■ What the exercise asks:
Would you return each record that follows word for word, without its pictures?

■ Records supplied:
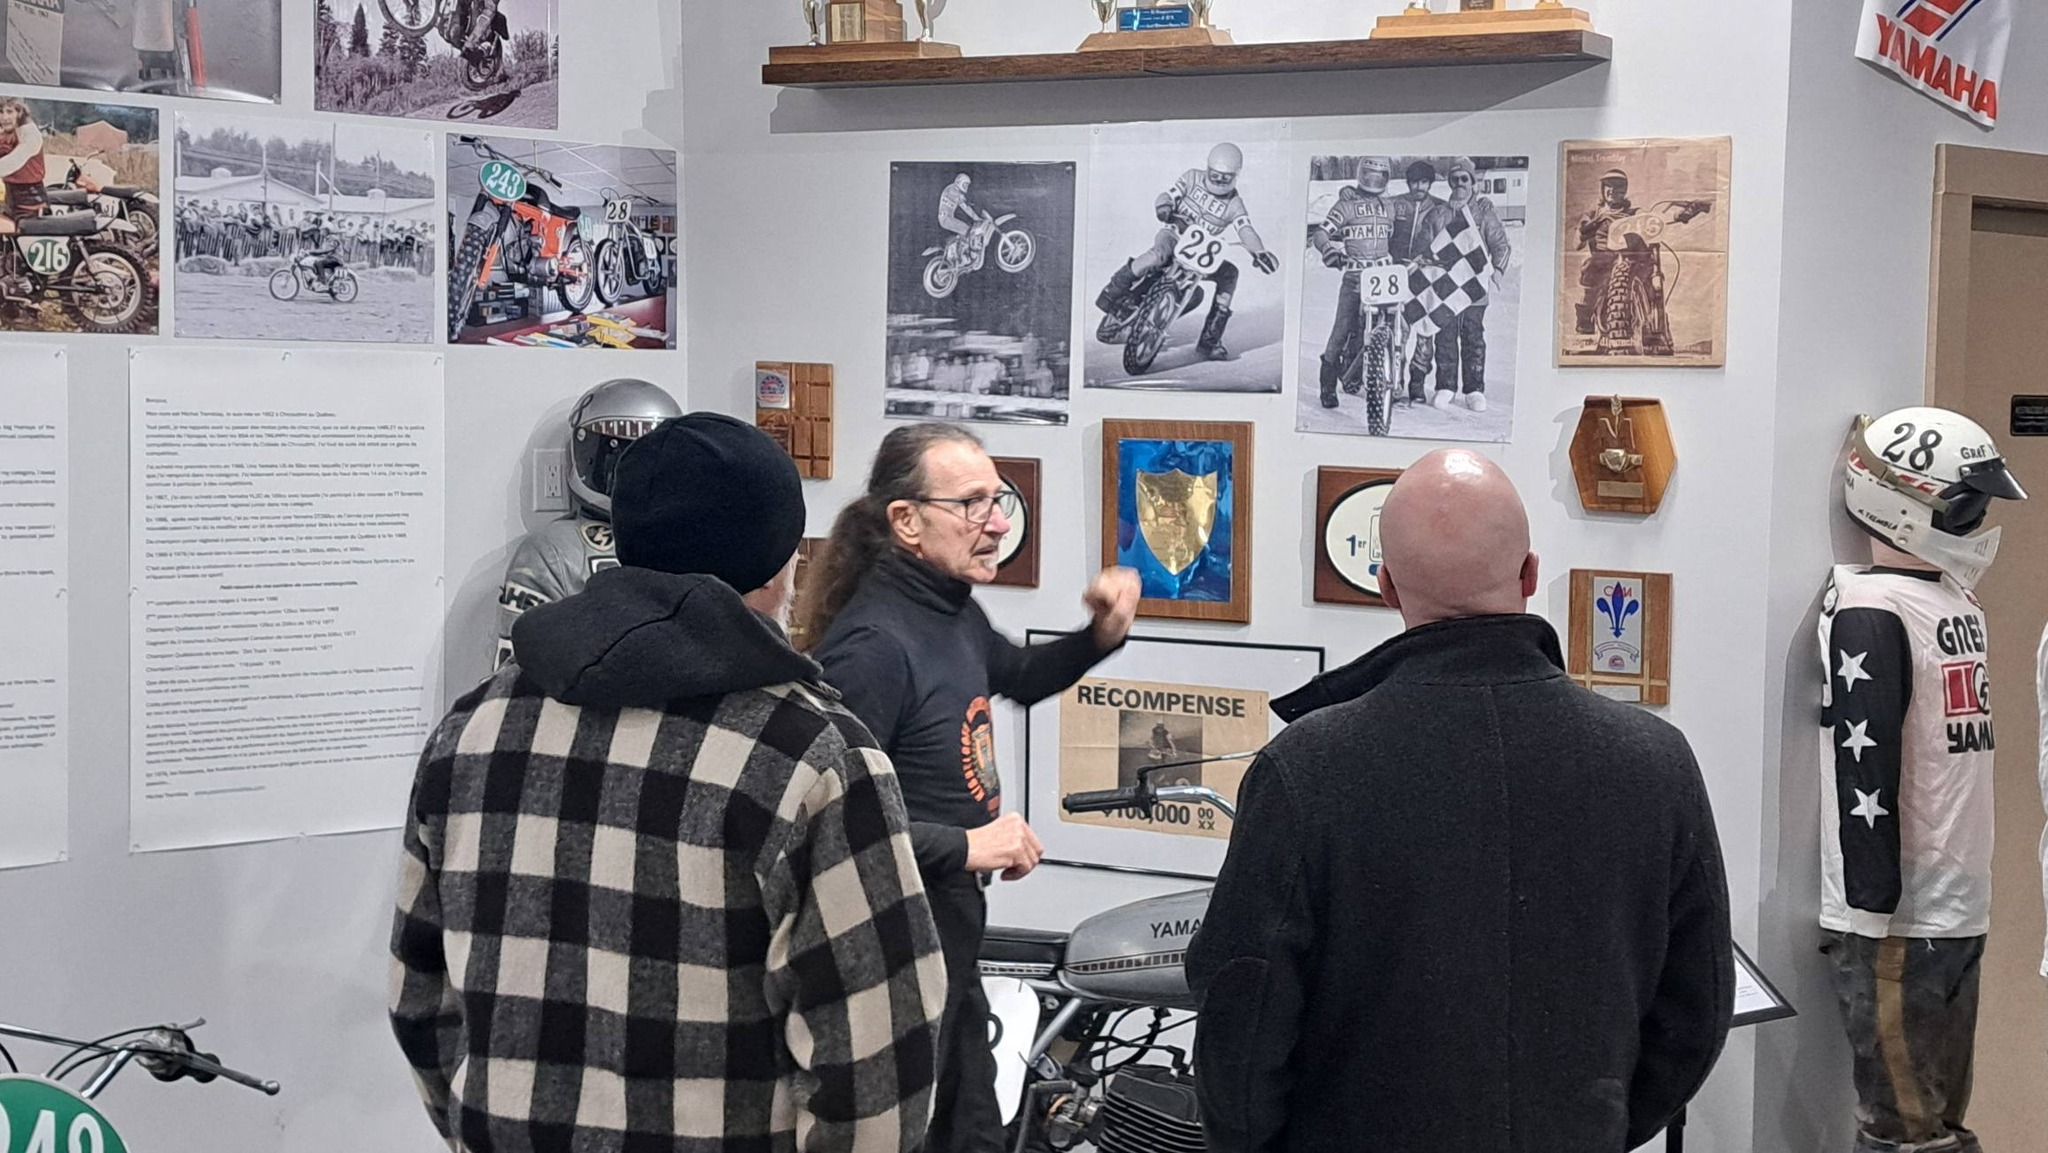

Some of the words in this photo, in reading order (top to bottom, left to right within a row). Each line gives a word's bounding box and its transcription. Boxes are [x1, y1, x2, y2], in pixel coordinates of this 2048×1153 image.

[1876, 13, 1997, 120] YAMAHA
[487, 163, 521, 198] 243
[607, 201, 628, 220] 28
[1192, 187, 1225, 214] GREF
[30, 241, 66, 272] 216
[1178, 229, 1222, 268] 28
[1369, 274, 1399, 296] 28
[1882, 422, 1943, 472] 28
[1936, 614, 1986, 656] GRE
[1077, 682, 1246, 718] RÉCOMPENSE
[1946, 720, 1995, 754] YAM
[1150, 918, 1202, 939] YAMA

■ Response to the task:
Some of the words in this photo, in reading order (top to bottom, left to right within a row). Each line gives a word's bounding box and its transcription. Boxes are [x1, y1, x2, y2], in pixel coordinates of this 2048×1153 image.

[1876, 13, 1997, 120] YAMAHA
[487, 163, 521, 198] 243
[607, 201, 628, 220] 28
[1192, 187, 1225, 214] GREF
[30, 241, 66, 272] 216
[1178, 229, 1222, 268] 28
[1369, 274, 1399, 296] 28
[1882, 422, 1943, 472] 28
[1936, 614, 1986, 656] GRE
[1077, 682, 1246, 718] RÉCOMPENSE
[1946, 720, 1995, 754] YAM
[1150, 918, 1202, 939] YAMA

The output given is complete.